I always love the first few days of any New Year as there’s so much promise in what could happen in the next twelve months. If I look back over the past year many things have happened that I didn’t have a clue about this time last year, so there is always the excitement of what could be round the corner.

I know we have to take the bad times  as well as the good but I am going to try harder this year to make more good things happen. So often it’s the little things that make me feel good rather than the big things – I tidied my craft room over the Christmas holiday and that’s making me feel really good.

I’m going to give myself some ‘me’ time regularly this year, and I invested in some more scented candles and I’m going to enjoy nice perfume and maybe a book, a game or just some time cuddled up on the sofa with Wellington, whose days I know are numbered but while he is here, he is lovely to cuddle!
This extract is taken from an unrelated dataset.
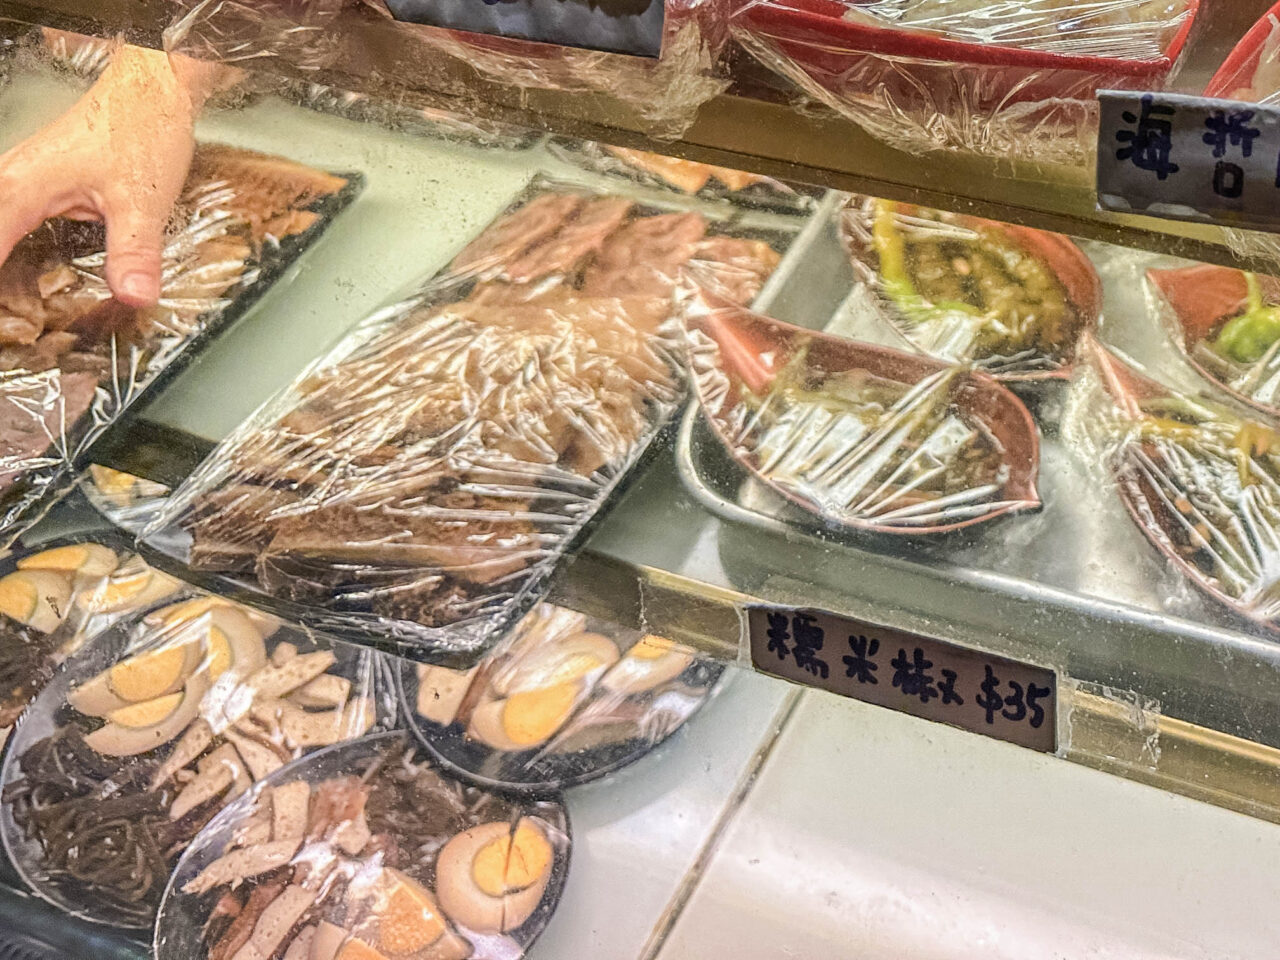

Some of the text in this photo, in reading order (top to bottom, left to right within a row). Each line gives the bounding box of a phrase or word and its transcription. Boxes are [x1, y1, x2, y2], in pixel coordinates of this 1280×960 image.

[766, 611, 1051, 729] 糯米椒 $35
I’m also looking forward to finishing my second novel with my ‘partner in crime writing’, Julia. It should be finished in April or May, we are about a third of the way through at the moment. Although there’s a lot of head-scratching and plotting, it’s also exciting as the plots starts to unfold as you are never 100% sure how it is going to turn out!

Sometimes the things that make you feel good can take you by surprise, doing something that benefits someone else can be really uplifting.

On a more down to earth note I am aiming to declutter a room in my house each month this year, I don’t have twelve rooms that need decluttering but I am building in a ‘fail’ for some of the months when work gets too busy or other things grab my time and attention.

I would love to tell you that I intend to succeed spectacularly with my diet this year, but all I can do is try and be kind to myself if I falter and then fail as I have so many times before – but the trying is always the thing that counts. So my resolution for this year and the thing uppermost in my mind is going to be just that saying – the trying is always the thing that counts and who knows what will have happened by January 2015!